BURN: One
Year on the Front Lines of the Battle
to Save Detroit is the new documentary by Tom Putnam and Brenna Sanchez that
focuses mainly on one fire station in Detroit
as well as on the city’s new fire chief.
The movie is for those who have seen Scary Movie 4 and thought that the
after and before pictures of Detroit
under attack by Martians was a joke.
Apparently, it’s not. Detroit
has the most fires per capita in the U.S.

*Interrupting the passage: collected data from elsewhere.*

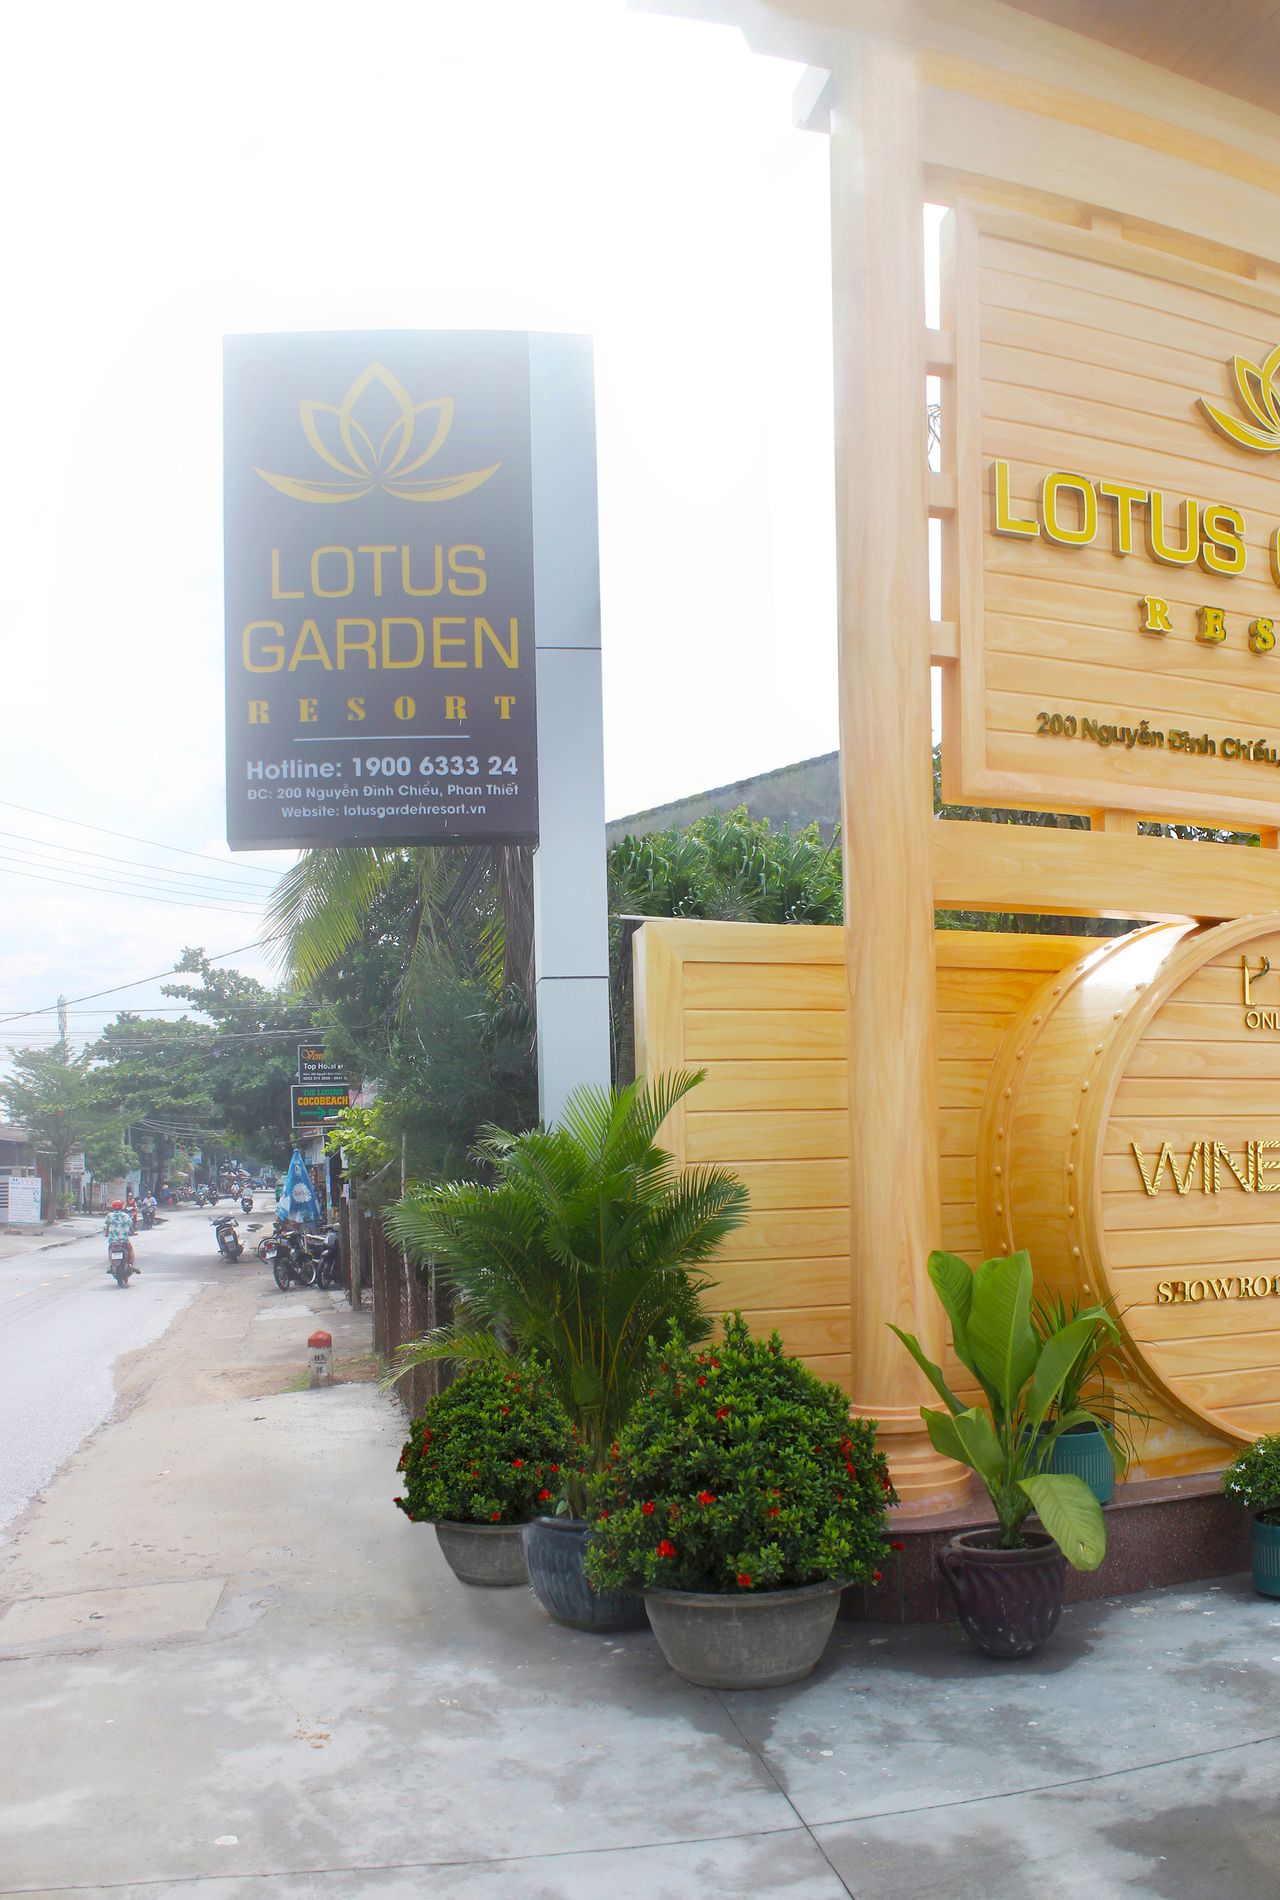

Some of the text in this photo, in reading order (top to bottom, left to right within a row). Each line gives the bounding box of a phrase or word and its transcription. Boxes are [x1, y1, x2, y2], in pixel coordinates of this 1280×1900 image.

[990, 460, 1247, 577] LOTUS
[271, 544, 487, 599] LOTUS
[242, 617, 519, 672] GARDEN
[247, 695, 517, 724] RESORT
[1036, 712, 1078, 736] 200
[1081, 720, 1164, 749] Nguyễn
[247, 756, 518, 780] Hotline: 1900 6333 24
[247, 788, 273, 800] ĐC:
[277, 787, 302, 799] 200
[306, 783, 359, 801] Nguyễn
[363, 784, 394, 797] Đình
[447, 784, 482, 796] Phan
[486, 782, 519, 796] Thiết
[281, 803, 486, 819] Website: lotusgardenresort.vn
[297, 1096, 349, 1106] COCOBEACH
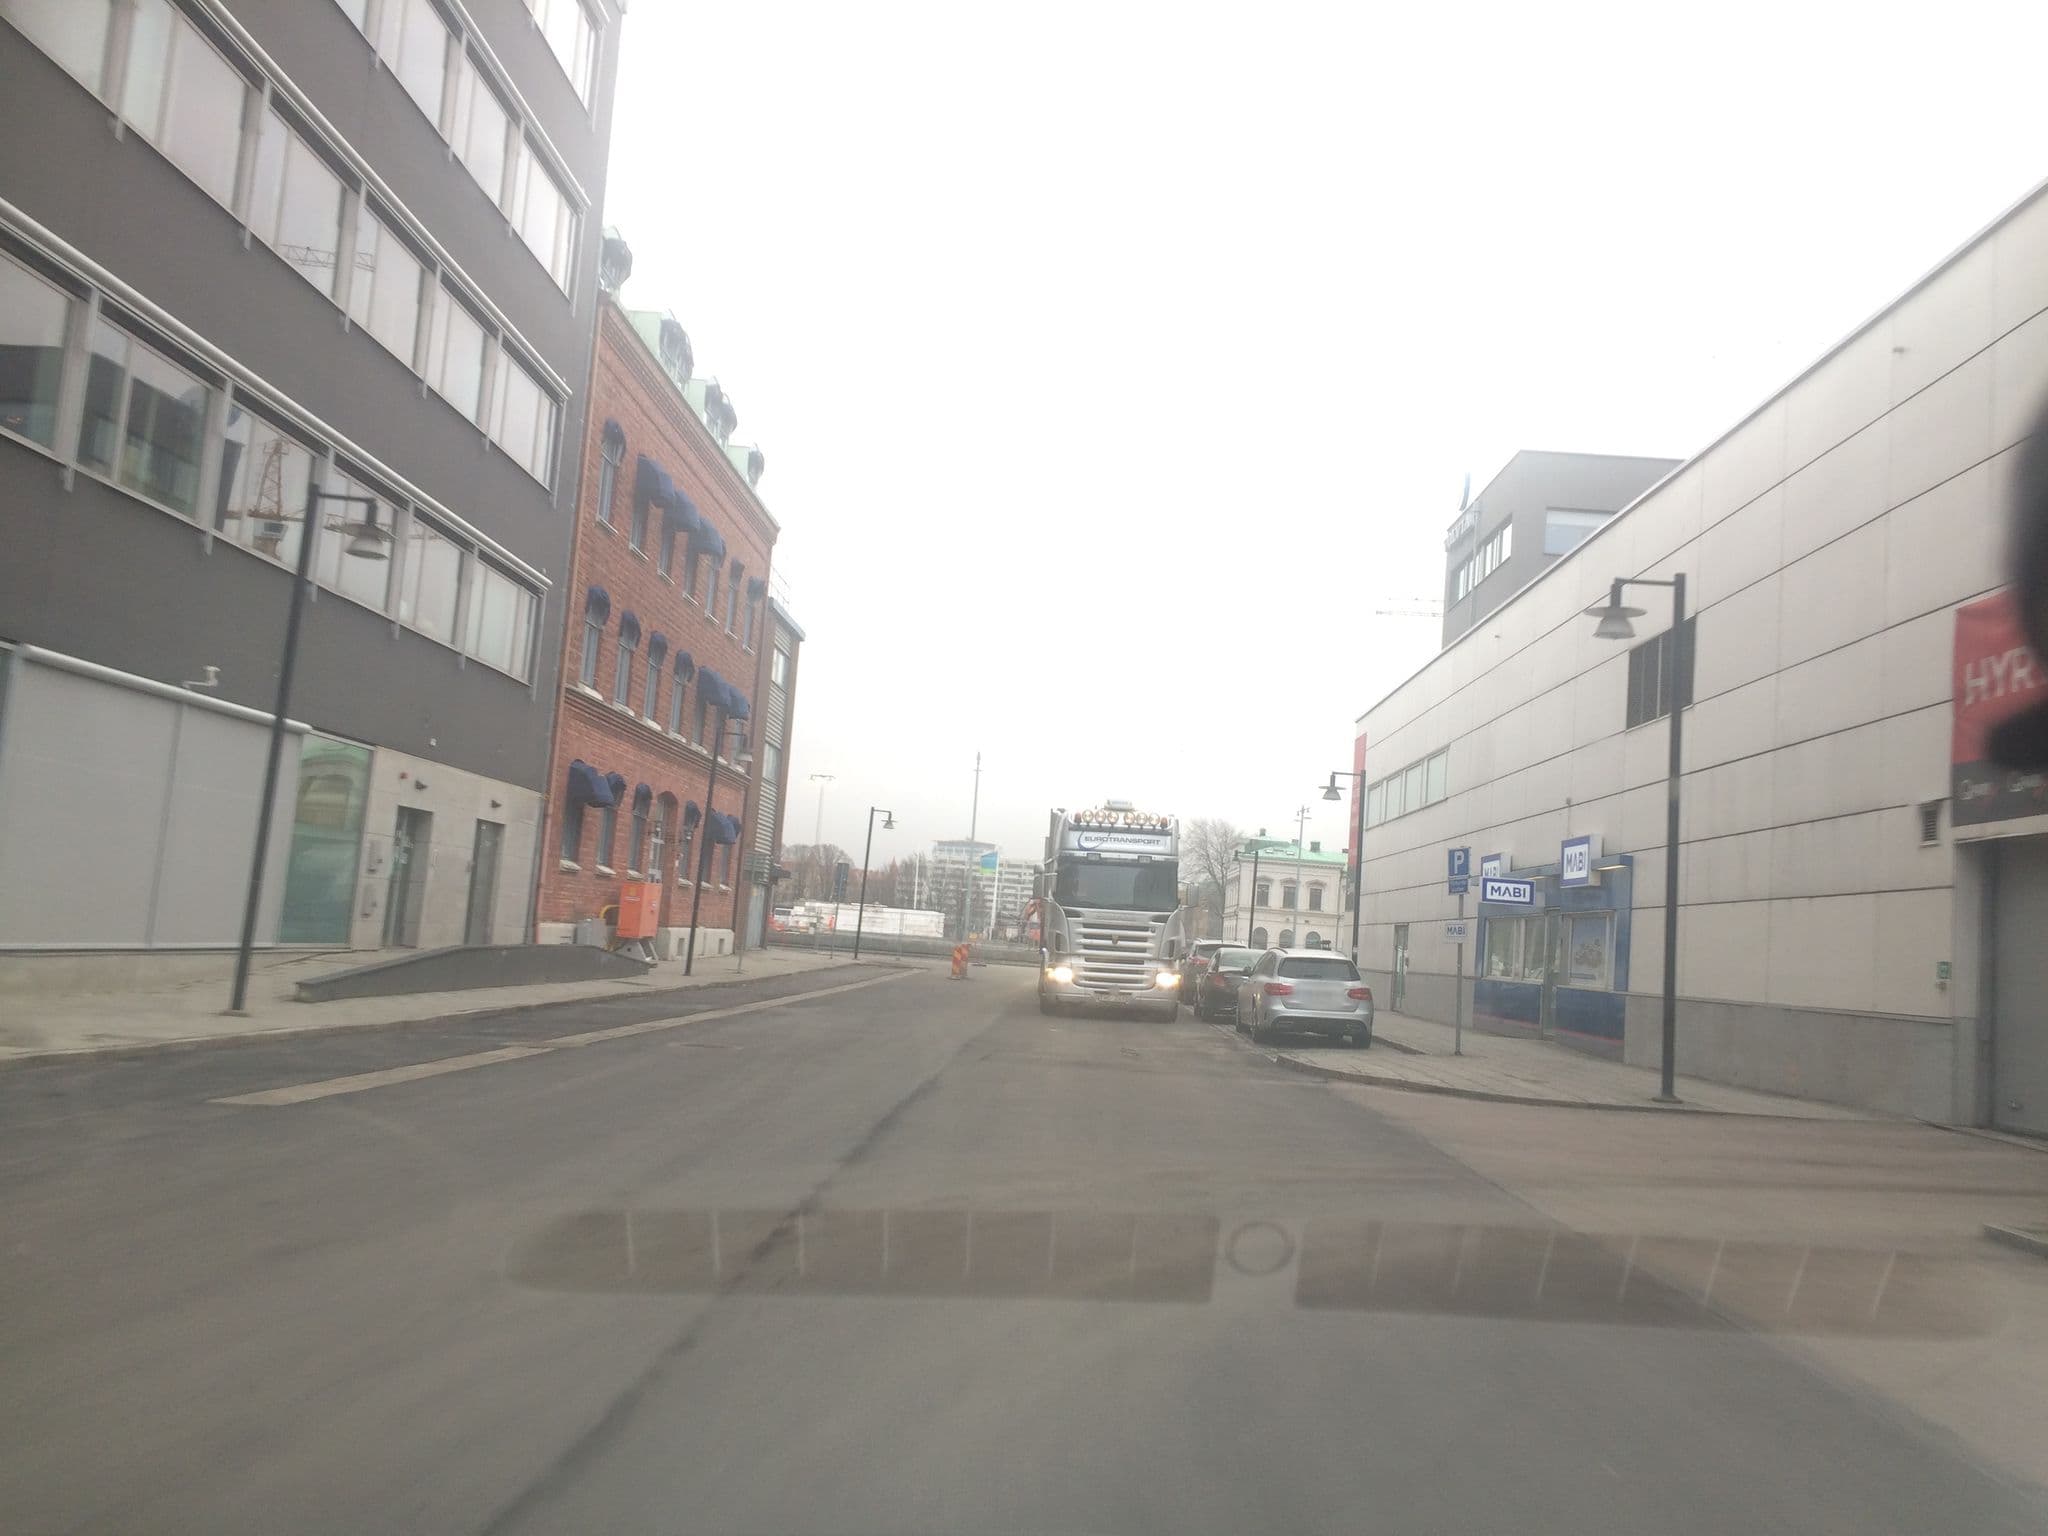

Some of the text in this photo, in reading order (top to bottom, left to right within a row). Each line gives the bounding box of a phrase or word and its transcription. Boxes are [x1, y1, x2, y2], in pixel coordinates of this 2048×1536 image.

[1964, 645, 2048, 705] HYR
[1084, 836, 1161, 846] EUROTRANSPORT
[1454, 850, 1465, 874] P
[1565, 850, 1586, 873] MABI
[1490, 885, 1526, 898] MABI
[1447, 926, 1465, 935] MABI
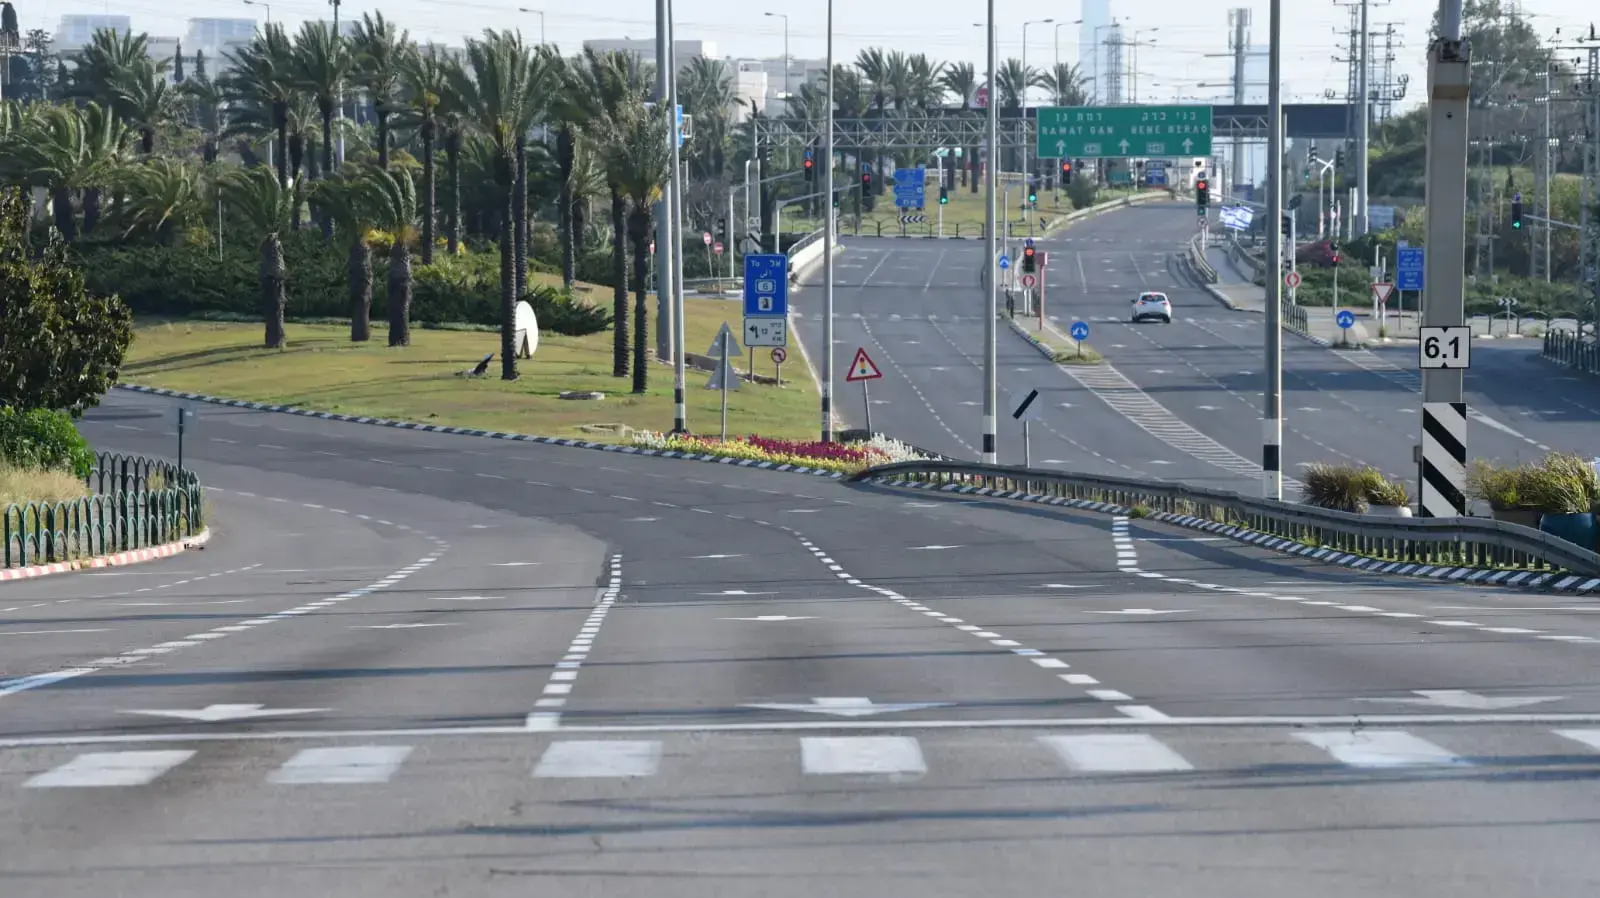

and things don’t look like they are going to get better any time soon.
The movie
holds your attention and there are moving moments as well as some strong
character studies of a young fire fighter now confined to a wheelchair and who
will never fight fires again and an old timer who is going to retire at the end
of the movie. There’s also an interesting
character study of Donald Austin, the Executive Fire Commissioner: he comes
across as rather foolish and in over his head and one wonders if he would have
agreed to be in the movie if he had realized what the results would have been. And it’s all set against some harrowing
scenes of fires blazing away and men putting themselves in harms way.
But in the
end, it feels as something is missing that prevents it from being more than it
is. In many ways, it feels like a movie
searching for a message or focus, caught between being a character study of
first responders and a study of what exactly is wrong with the fire department
in Detroit. And this rock and hard place is understandable. No matter how much the filmmakers may have
wanted it to be only a character study, it’s impossible for them to get away
from the serious issues facing Detroit. It just keeps sticking its ugly head in.
And Detroit
is in trouble. Besides the fire per
capita issue, Detroit has lost a third or more of its population; there are
80,000 abandoned buildings; fire equipment is in need of repair and there’s no
money to keep them from constantly breaking down or for purchasing new ones; and
the fire fighters have to take second jobs just to make ends meet. As the
filmmakers show the city, it looks like the perfect location for someone
wanting to make a movie about a post-apocalypse America.
And this is
where the movie really gets frustrating as it slowly, but irretrievably,
becomes a film about a problem that has no solution. The fire fighters blame the city and
government and the Fire Chief blames the fire fighters. But what is really odd here is that the
filmmakers, for whatever reason, never ask the Mayor, the City Council, the
local media, the state government, any experts, anybody else at all about what
is really going on. It just seems odd
that if that if almost half of the movie is going to be about Detroit
falling apart and how handicapped the fire department is, that the filmmakers
wouldn’t really go for it. Instead it
comes across more as a documentary that, as a friend of mine says, just doesn’t
have enough meat to it.
The film is
divided into four sections, one for each season of the year. The final section is fall. This section is filled with upbeat images of
hope and people finding new possibilities in their futures. But it’s too late and to be ruthlessly
honest, it’s a bunch of hokum. Nothing’s
changed. The problems are still there
looming as large as they were before. It
may say fall in the subtitles, but on screen, it’s basically no different than
the winter the whole story started with.
The ending here doesn’t feel like a reflection of everything the
documentary has said before. It feels
more like an ending based on a business decision, something to make the
audience feel good when they leave the theater.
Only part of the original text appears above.